[Stored items from a collection]
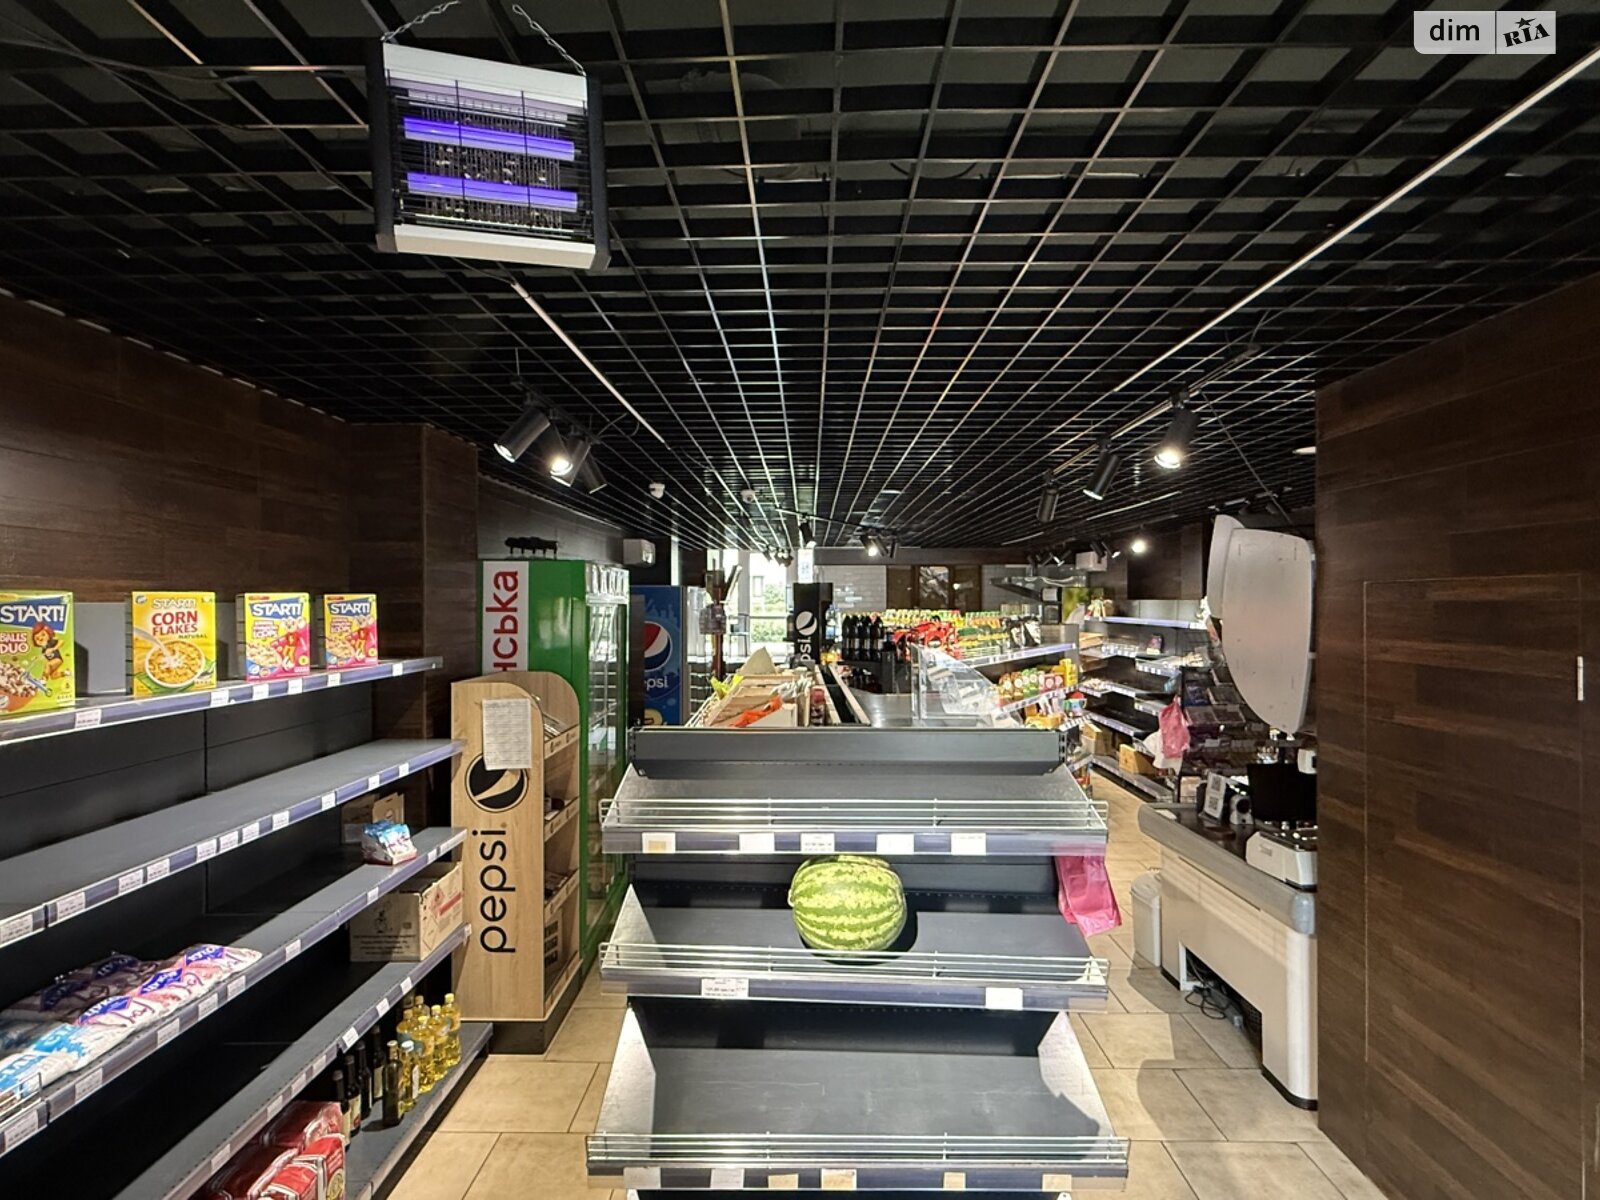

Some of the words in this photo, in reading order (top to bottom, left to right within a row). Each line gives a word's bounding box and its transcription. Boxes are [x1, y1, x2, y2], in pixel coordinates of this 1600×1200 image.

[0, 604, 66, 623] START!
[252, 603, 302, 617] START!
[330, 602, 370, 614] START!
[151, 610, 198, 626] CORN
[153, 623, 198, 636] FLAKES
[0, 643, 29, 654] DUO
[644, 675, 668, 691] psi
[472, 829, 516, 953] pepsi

■ **What to work on**
Write out every record exactly. Leave the pictures out.

■ **Solution to this task**
Some of the words in this photo, in reading order (top to bottom, left to right within a row). Each line gives a word's bounding box and its transcription. Boxes are [x1, y1, x2, y2], in pixel coordinates of this 1600×1200 image.

[0, 604, 66, 623] START!
[252, 603, 302, 617] START!
[330, 602, 370, 614] START!
[151, 610, 198, 626] CORN
[153, 623, 198, 636] FLAKES
[0, 643, 29, 654] DUO
[644, 675, 668, 691] psi
[472, 829, 516, 953] pepsi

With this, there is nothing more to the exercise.